Saved data entries
== == ==
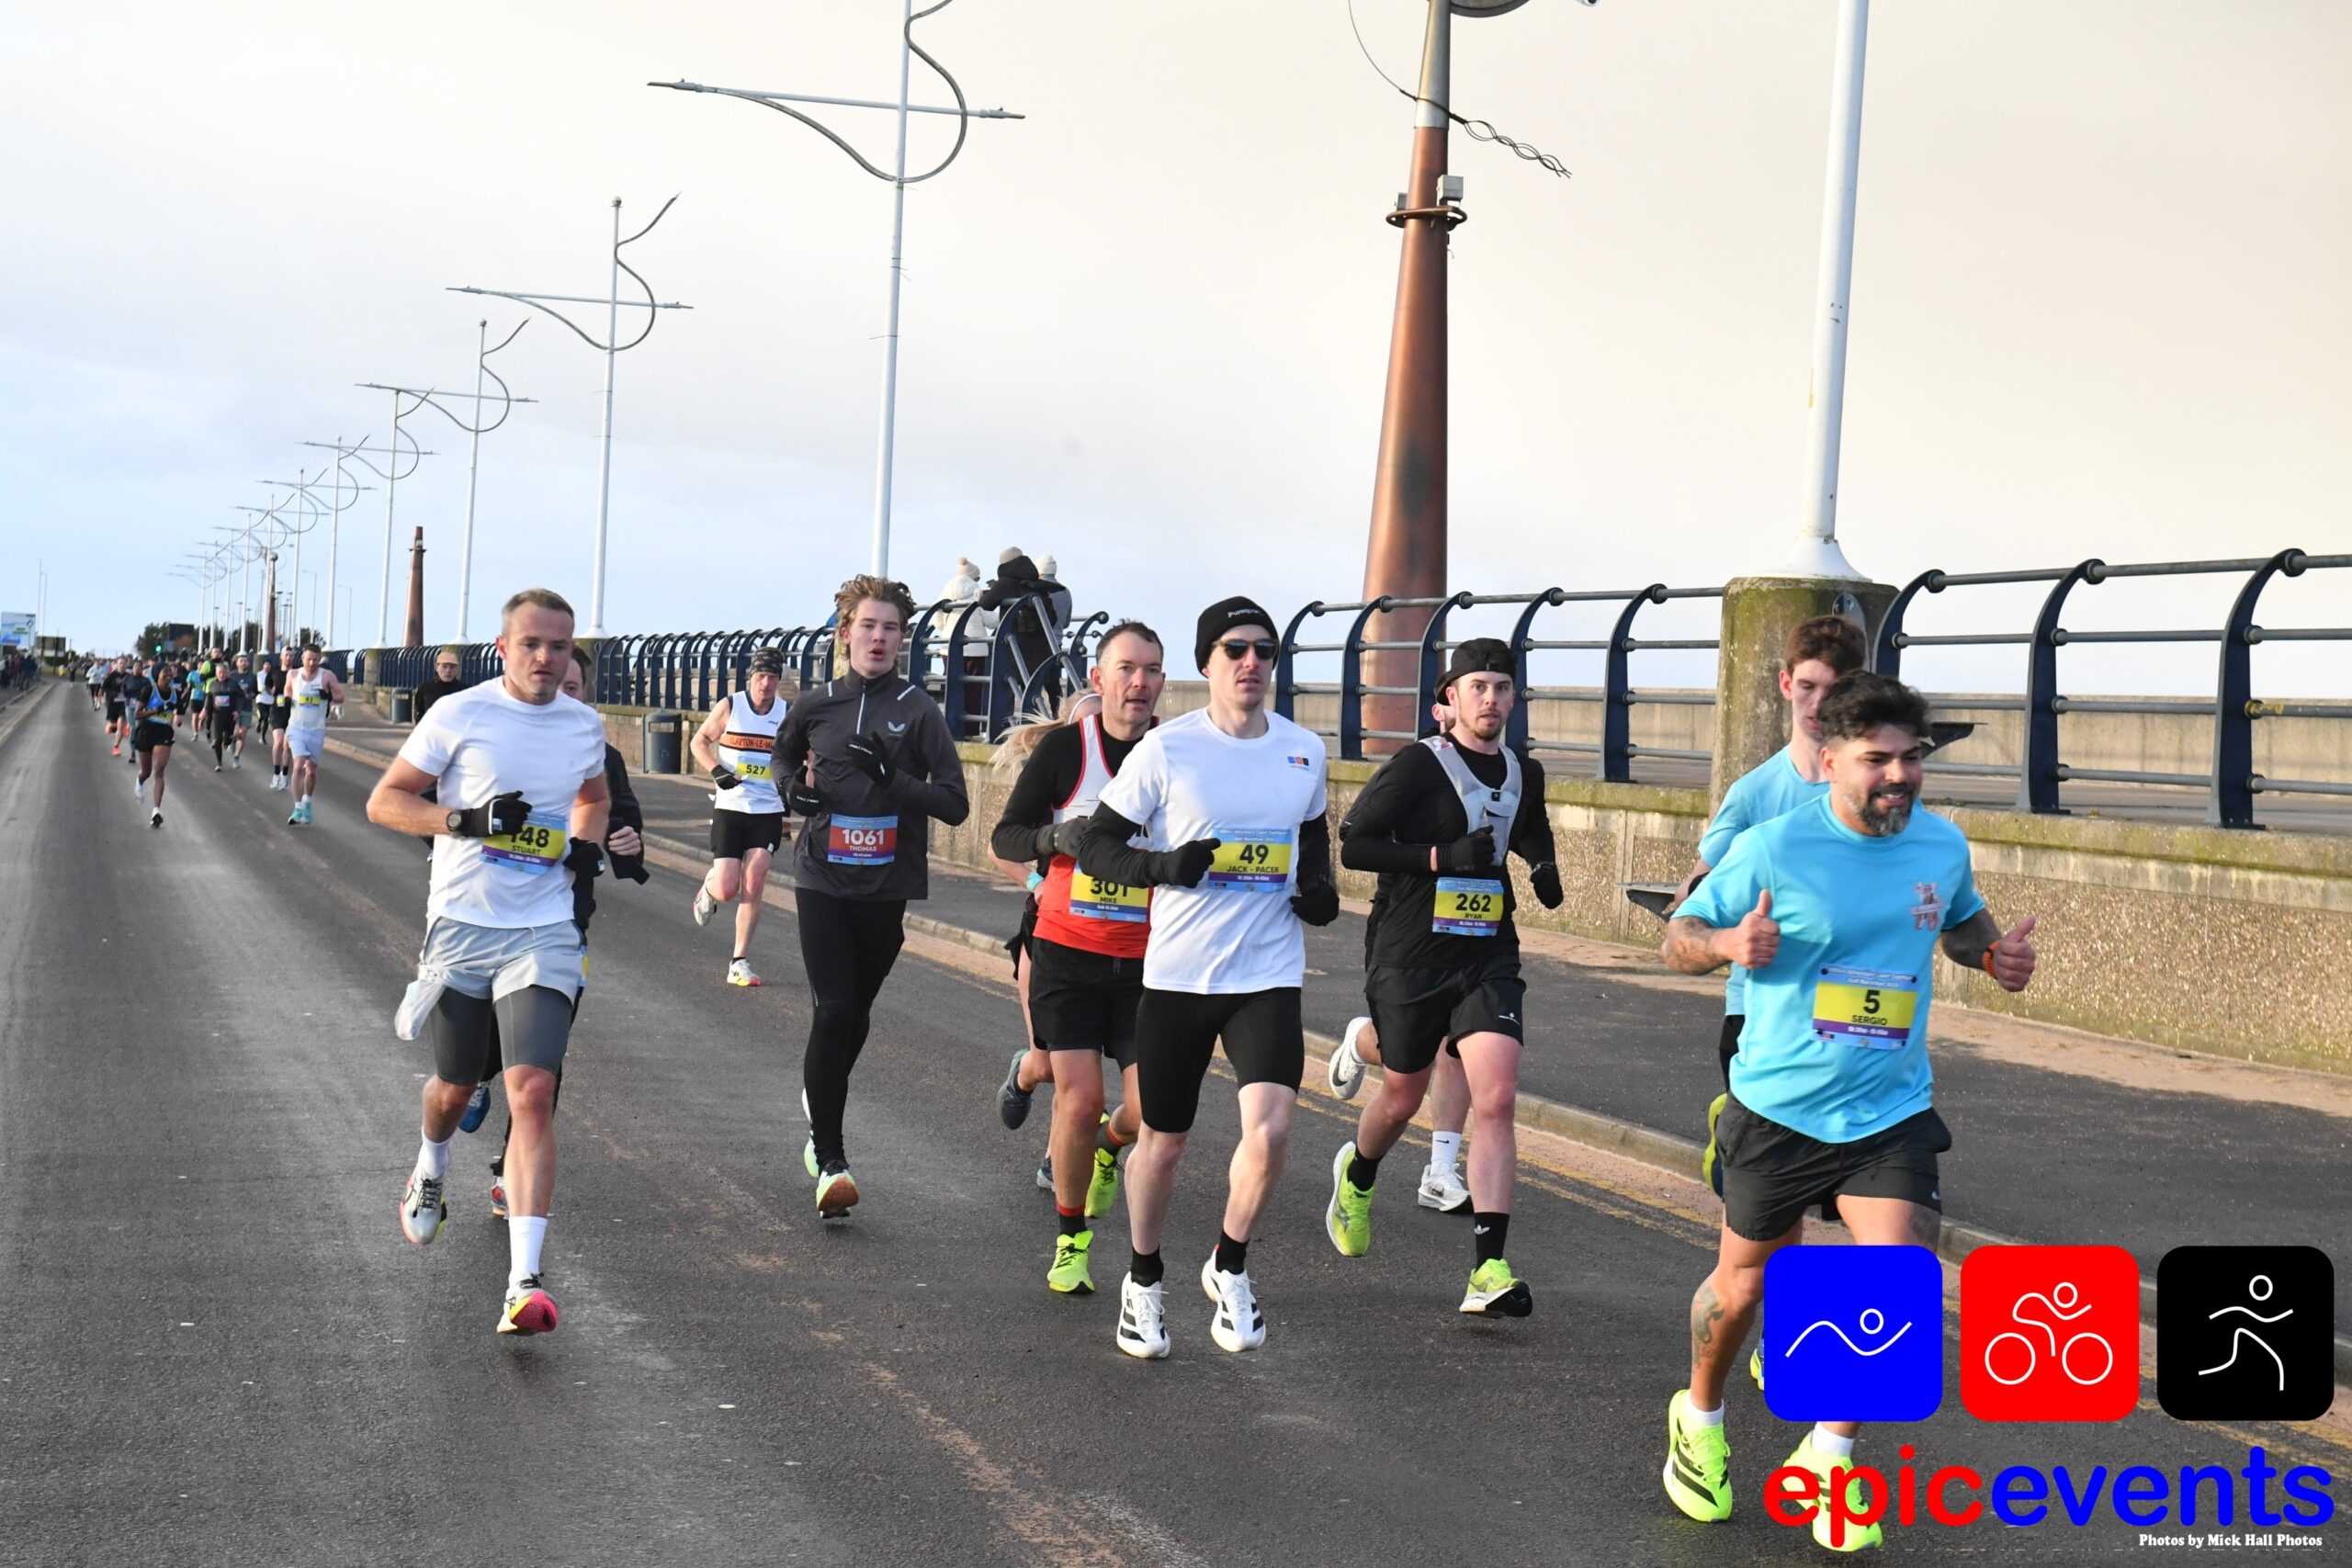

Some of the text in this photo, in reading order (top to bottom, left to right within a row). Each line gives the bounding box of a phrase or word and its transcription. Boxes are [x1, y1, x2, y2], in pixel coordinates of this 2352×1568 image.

[729, 738, 773, 749] CLAYTON-LE-M
[745, 764, 766, 776] 527
[842, 829, 884, 846] 1061
[511, 845, 541, 855] STUART
[1239, 844, 1269, 864] 49
[1455, 893, 1491, 912] 262
[1862, 989, 1881, 1015] 5
[1851, 1014, 1888, 1026] SERGIO
== == ==
Task description
Leave out the pictures, then give all the records again exactly.

Output
Some of the text in this photo, in reading order (top to bottom, left to right within a row). Each line gives the bounding box of a phrase or word and its transcription. Boxes are [x1, y1, x2, y2], in pixel coordinates of this 2352×1568 image.

[729, 738, 773, 749] CLAYTON-LE-M
[745, 764, 766, 776] 527
[842, 829, 884, 846] 1061
[511, 845, 541, 855] STUART
[1239, 844, 1269, 864] 49
[1455, 893, 1491, 912] 262
[1862, 989, 1881, 1015] 5
[1851, 1014, 1888, 1026] SERGIO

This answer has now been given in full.